What is expected: Send back the whole listing untouched.

Records for this exercise:
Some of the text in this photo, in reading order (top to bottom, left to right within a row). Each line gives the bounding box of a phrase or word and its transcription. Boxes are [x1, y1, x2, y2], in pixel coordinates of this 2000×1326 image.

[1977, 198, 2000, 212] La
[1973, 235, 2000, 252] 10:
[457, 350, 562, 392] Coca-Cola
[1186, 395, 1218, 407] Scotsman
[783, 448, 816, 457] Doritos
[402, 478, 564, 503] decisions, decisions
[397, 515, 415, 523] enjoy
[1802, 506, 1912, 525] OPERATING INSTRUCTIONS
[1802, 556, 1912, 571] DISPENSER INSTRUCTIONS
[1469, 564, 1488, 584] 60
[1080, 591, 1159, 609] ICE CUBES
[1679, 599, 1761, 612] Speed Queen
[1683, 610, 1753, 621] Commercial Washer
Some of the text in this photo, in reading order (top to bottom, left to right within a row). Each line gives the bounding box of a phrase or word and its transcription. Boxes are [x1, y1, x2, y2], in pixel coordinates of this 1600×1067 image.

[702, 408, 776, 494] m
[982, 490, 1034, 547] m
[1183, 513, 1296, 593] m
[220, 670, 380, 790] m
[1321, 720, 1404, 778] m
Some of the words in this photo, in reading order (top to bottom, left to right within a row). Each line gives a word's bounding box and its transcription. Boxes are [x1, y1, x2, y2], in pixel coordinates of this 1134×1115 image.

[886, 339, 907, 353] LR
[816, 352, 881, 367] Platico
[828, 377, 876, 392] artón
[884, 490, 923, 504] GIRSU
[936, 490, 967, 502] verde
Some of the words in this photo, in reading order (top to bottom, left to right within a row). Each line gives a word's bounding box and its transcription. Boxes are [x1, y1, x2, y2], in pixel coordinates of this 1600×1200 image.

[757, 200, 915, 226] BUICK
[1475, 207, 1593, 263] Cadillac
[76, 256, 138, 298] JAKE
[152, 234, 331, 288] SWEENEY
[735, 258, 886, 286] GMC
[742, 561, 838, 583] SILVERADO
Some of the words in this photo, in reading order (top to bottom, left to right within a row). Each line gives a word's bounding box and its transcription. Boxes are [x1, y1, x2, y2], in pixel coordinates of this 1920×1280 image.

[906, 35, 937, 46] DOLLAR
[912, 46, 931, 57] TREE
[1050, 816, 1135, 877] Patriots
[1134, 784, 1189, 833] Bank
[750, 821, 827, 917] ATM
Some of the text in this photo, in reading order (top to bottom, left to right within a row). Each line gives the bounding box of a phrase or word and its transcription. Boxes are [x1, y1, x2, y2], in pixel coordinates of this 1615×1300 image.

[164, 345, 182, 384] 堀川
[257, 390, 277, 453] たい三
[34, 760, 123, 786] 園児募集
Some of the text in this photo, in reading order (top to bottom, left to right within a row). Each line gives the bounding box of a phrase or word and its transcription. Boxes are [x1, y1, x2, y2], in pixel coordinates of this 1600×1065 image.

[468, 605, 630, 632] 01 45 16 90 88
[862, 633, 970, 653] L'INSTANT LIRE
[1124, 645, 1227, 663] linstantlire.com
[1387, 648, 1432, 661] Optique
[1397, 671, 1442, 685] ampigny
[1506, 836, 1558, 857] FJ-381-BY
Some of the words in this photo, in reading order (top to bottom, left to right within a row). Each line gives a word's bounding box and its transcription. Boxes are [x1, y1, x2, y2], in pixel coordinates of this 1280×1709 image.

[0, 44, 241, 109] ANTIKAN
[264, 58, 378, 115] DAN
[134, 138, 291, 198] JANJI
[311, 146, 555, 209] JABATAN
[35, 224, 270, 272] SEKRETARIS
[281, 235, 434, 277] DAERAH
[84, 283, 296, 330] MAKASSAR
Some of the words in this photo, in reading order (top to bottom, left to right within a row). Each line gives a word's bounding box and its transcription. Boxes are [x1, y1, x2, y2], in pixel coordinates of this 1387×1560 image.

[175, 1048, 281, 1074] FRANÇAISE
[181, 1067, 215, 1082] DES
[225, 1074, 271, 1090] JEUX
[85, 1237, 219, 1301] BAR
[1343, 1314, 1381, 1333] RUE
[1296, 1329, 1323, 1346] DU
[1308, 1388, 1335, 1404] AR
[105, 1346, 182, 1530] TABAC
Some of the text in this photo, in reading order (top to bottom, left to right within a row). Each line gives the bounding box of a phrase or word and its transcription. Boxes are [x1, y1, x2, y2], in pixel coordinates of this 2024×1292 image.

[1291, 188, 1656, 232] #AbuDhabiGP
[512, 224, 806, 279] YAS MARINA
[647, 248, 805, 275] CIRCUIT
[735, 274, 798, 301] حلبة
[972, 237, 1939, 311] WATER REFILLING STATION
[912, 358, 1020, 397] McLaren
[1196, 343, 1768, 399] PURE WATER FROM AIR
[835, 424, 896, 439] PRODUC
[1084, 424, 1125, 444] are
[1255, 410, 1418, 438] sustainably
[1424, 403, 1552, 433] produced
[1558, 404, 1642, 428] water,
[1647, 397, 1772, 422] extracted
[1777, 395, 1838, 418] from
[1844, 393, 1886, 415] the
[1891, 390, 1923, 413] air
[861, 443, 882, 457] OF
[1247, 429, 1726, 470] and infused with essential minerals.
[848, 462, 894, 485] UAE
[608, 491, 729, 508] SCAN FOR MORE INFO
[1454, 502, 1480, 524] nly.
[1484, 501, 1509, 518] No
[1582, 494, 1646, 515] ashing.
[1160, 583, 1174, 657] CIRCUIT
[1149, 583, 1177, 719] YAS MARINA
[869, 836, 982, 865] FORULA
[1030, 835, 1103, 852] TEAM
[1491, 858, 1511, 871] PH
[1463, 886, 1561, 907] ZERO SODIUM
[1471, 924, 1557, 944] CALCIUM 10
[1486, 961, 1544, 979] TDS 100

Exercise solution:
Some of the text in this photo, in reading order (top to bottom, left to right within a row). Each line gives the bounding box of a phrase or word and its transcription. Boxes are [x1, y1, x2, y2], in pixel coordinates of this 2000×1326 image.

[1977, 198, 2000, 212] La
[1973, 235, 2000, 252] 10:
[457, 350, 562, 392] Coca-Cola
[1186, 395, 1218, 407] Scotsman
[783, 448, 816, 457] Doritos
[402, 478, 564, 503] decisions, decisions
[397, 515, 415, 523] enjoy
[1802, 506, 1912, 525] OPERATING INSTRUCTIONS
[1802, 556, 1912, 571] DISPENSER INSTRUCTIONS
[1469, 564, 1488, 584] 60
[1080, 591, 1159, 609] ICE CUBES
[1679, 599, 1761, 612] Speed Queen
[1683, 610, 1753, 621] Commercial Washer
Some of the text in this photo, in reading order (top to bottom, left to right within a row). Each line gives the bounding box of a phrase or word and its transcription. Boxes are [x1, y1, x2, y2], in pixel coordinates of this 1600×1067 image.

[702, 408, 776, 494] m
[982, 490, 1034, 547] m
[1183, 513, 1296, 593] m
[220, 670, 380, 790] m
[1321, 720, 1404, 778] m
Some of the words in this photo, in reading order (top to bottom, left to right within a row). Each line gives a word's bounding box and its transcription. Boxes are [x1, y1, x2, y2], in pixel coordinates of this 1134×1115 image.

[886, 339, 907, 353] LR
[816, 352, 881, 367] Platico
[828, 377, 876, 392] artón
[884, 490, 923, 504] GIRSU
[936, 490, 967, 502] verde
Some of the words in this photo, in reading order (top to bottom, left to right within a row). Each line gives a word's bounding box and its transcription. Boxes are [x1, y1, x2, y2], in pixel coordinates of this 1600×1200 image.

[757, 200, 915, 226] BUICK
[1475, 207, 1593, 263] Cadillac
[76, 256, 138, 298] JAKE
[152, 234, 331, 288] SWEENEY
[735, 258, 886, 286] GMC
[742, 561, 838, 583] SILVERADO
Some of the words in this photo, in reading order (top to bottom, left to right within a row). Each line gives a word's bounding box and its transcription. Boxes are [x1, y1, x2, y2], in pixel coordinates of this 1920×1280 image.

[906, 35, 937, 46] DOLLAR
[912, 46, 931, 57] TREE
[1050, 816, 1135, 877] Patriots
[1134, 784, 1189, 833] Bank
[750, 821, 827, 917] ATM
Some of the text in this photo, in reading order (top to bottom, left to right within a row). Each line gives the bounding box of a phrase or word and its transcription. Boxes are [x1, y1, x2, y2], in pixel coordinates of this 1615×1300 image.

[164, 345, 182, 384] 堀川
[257, 390, 277, 453] たい三
[34, 760, 123, 786] 園児募集
Some of the text in this photo, in reading order (top to bottom, left to right within a row). Each line gives the bounding box of a phrase or word and its transcription. Boxes are [x1, y1, x2, y2], in pixel coordinates of this 1600×1065 image.

[468, 605, 630, 632] 01 45 16 90 88
[862, 633, 970, 653] L'INSTANT LIRE
[1124, 645, 1227, 663] linstantlire.com
[1387, 648, 1432, 661] Optique
[1397, 671, 1442, 685] ampigny
[1506, 836, 1558, 857] FJ-381-BY
Some of the words in this photo, in reading order (top to bottom, left to right within a row). Each line gives a word's bounding box and its transcription. Boxes are [x1, y1, x2, y2], in pixel coordinates of this 1280×1709 image.

[0, 44, 241, 109] ANTIKAN
[264, 58, 378, 115] DAN
[134, 138, 291, 198] JANJI
[311, 146, 555, 209] JABATAN
[35, 224, 270, 272] SEKRETARIS
[281, 235, 434, 277] DAERAH
[84, 283, 296, 330] MAKASSAR
Some of the words in this photo, in reading order (top to bottom, left to right within a row). Each line gives a word's bounding box and its transcription. Boxes are [x1, y1, x2, y2], in pixel coordinates of this 1387×1560 image.

[175, 1048, 281, 1074] FRANÇAISE
[181, 1067, 215, 1082] DES
[225, 1074, 271, 1090] JEUX
[85, 1237, 219, 1301] BAR
[1343, 1314, 1381, 1333] RUE
[1296, 1329, 1323, 1346] DU
[1308, 1388, 1335, 1404] AR
[105, 1346, 182, 1530] TABAC
Some of the text in this photo, in reading order (top to bottom, left to right within a row). Each line gives the bounding box of a phrase or word and its transcription. Boxes are [x1, y1, x2, y2], in pixel coordinates of this 2024×1292 image.

[1291, 188, 1656, 232] #AbuDhabiGP
[512, 224, 806, 279] YAS MARINA
[647, 248, 805, 275] CIRCUIT
[735, 274, 798, 301] حلبة
[972, 237, 1939, 311] WATER REFILLING STATION
[912, 358, 1020, 397] McLaren
[1196, 343, 1768, 399] PURE WATER FROM AIR
[835, 424, 896, 439] PRODUC
[1084, 424, 1125, 444] are
[1255, 410, 1418, 438] sustainably
[1424, 403, 1552, 433] produced
[1558, 404, 1642, 428] water,
[1647, 397, 1772, 422] extracted
[1777, 395, 1838, 418] from
[1844, 393, 1886, 415] the
[1891, 390, 1923, 413] air
[861, 443, 882, 457] OF
[1247, 429, 1726, 470] and infused with essential minerals.
[848, 462, 894, 485] UAE
[608, 491, 729, 508] SCAN FOR MORE INFO
[1454, 502, 1480, 524] nly.
[1484, 501, 1509, 518] No
[1582, 494, 1646, 515] ashing.
[1160, 583, 1174, 657] CIRCUIT
[1149, 583, 1177, 719] YAS MARINA
[869, 836, 982, 865] FORULA
[1030, 835, 1103, 852] TEAM
[1491, 858, 1511, 871] PH
[1463, 886, 1561, 907] ZERO SODIUM
[1471, 924, 1557, 944] CALCIUM 10
[1486, 961, 1544, 979] TDS 100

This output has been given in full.